Richard Stallman is warning *us* about cloud computing?!?

by Matt Asay

I read Richard Stallman's commentary on cloud computing in the UK's Guardian. Stallman is full of warnings about cloud computing:

One reason you should not use Web applications to do your computing is that you lose control. It's just as bad as using a proprietary program.

But he completely neglects to mention that he had a chance to seed the cloud, which is largely built using open-source software, with an upgraded GNU General Public License (Version 3), and he demurred. Richard Stallman and the Free Software Foundation failed to protect the cloud when they had the chance, finally capitulating to industry pressure with the Affero GPL, an inelegant but workable sop.
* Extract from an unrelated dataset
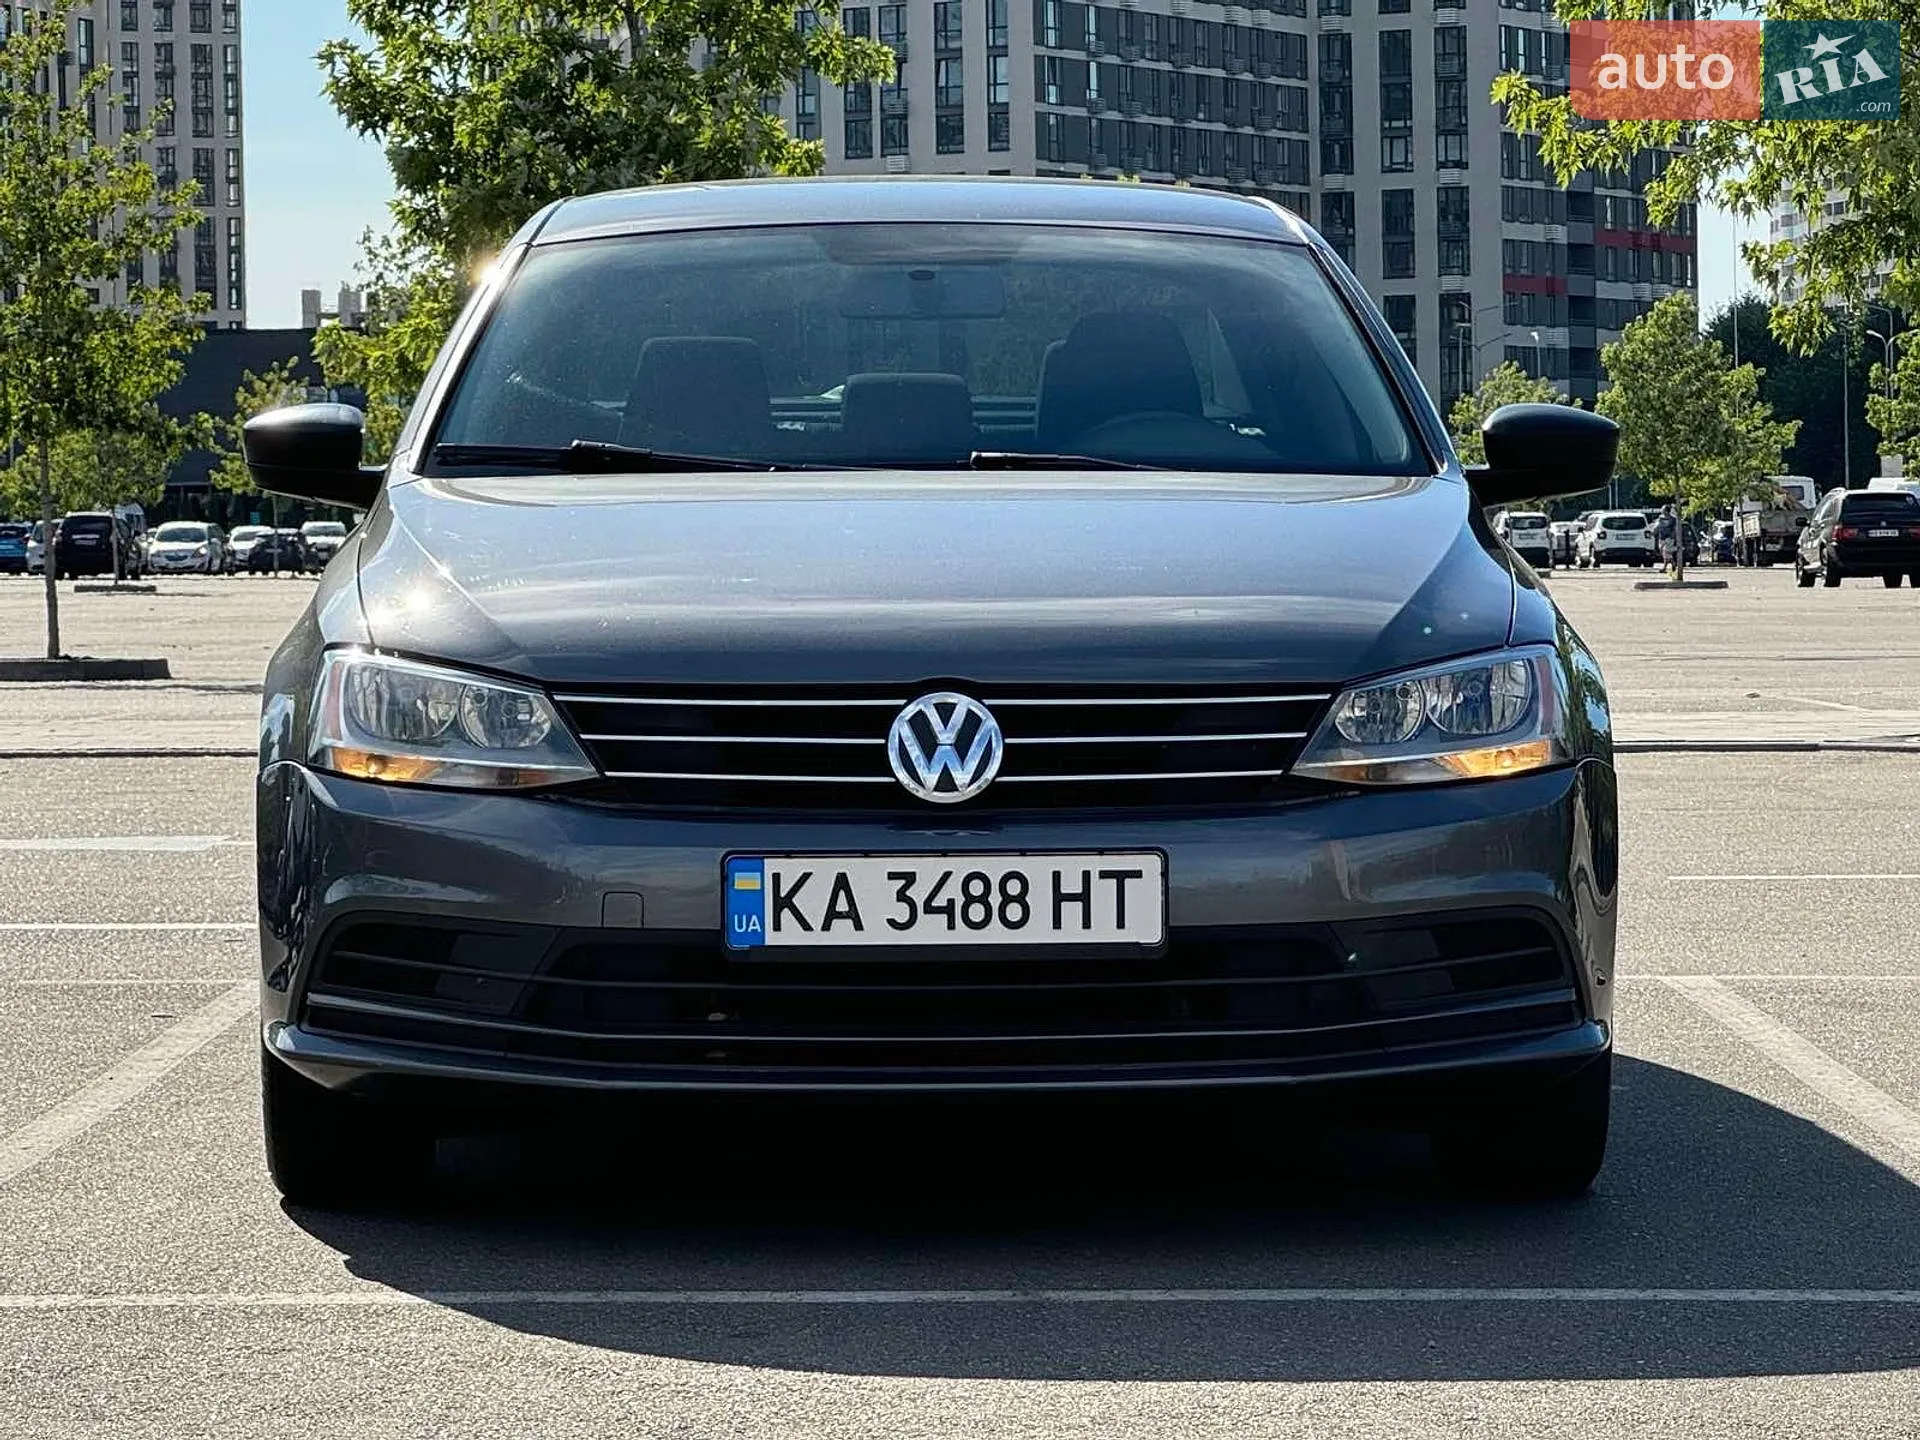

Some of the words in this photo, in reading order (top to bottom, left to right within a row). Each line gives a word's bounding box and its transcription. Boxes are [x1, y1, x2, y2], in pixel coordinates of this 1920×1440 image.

[771, 872, 864, 933] KA
[885, 871, 1030, 931] 3488
[1052, 870, 1143, 930] HT
[734, 914, 762, 933] UA
Ars Technica is right to suggest that Stallman's doom-and-gloom about cloud computing is "myopic" and utters a final judgment well before even a provisional judgment is warranted.

But Stallman's biggest fault here is that he criticizes a problem that his own inaction created.

Matt Asay brings a decade of in-the-trenches open-source business and legal experience to The Open Road, with an emphasis on emerging open-source business strategies and opportunities. Matt is vice president of business development at Alfresco, a company that develops open-source software for content management. He is a member of the CNET Blog Network and is not an employee of CNET. Disclosure.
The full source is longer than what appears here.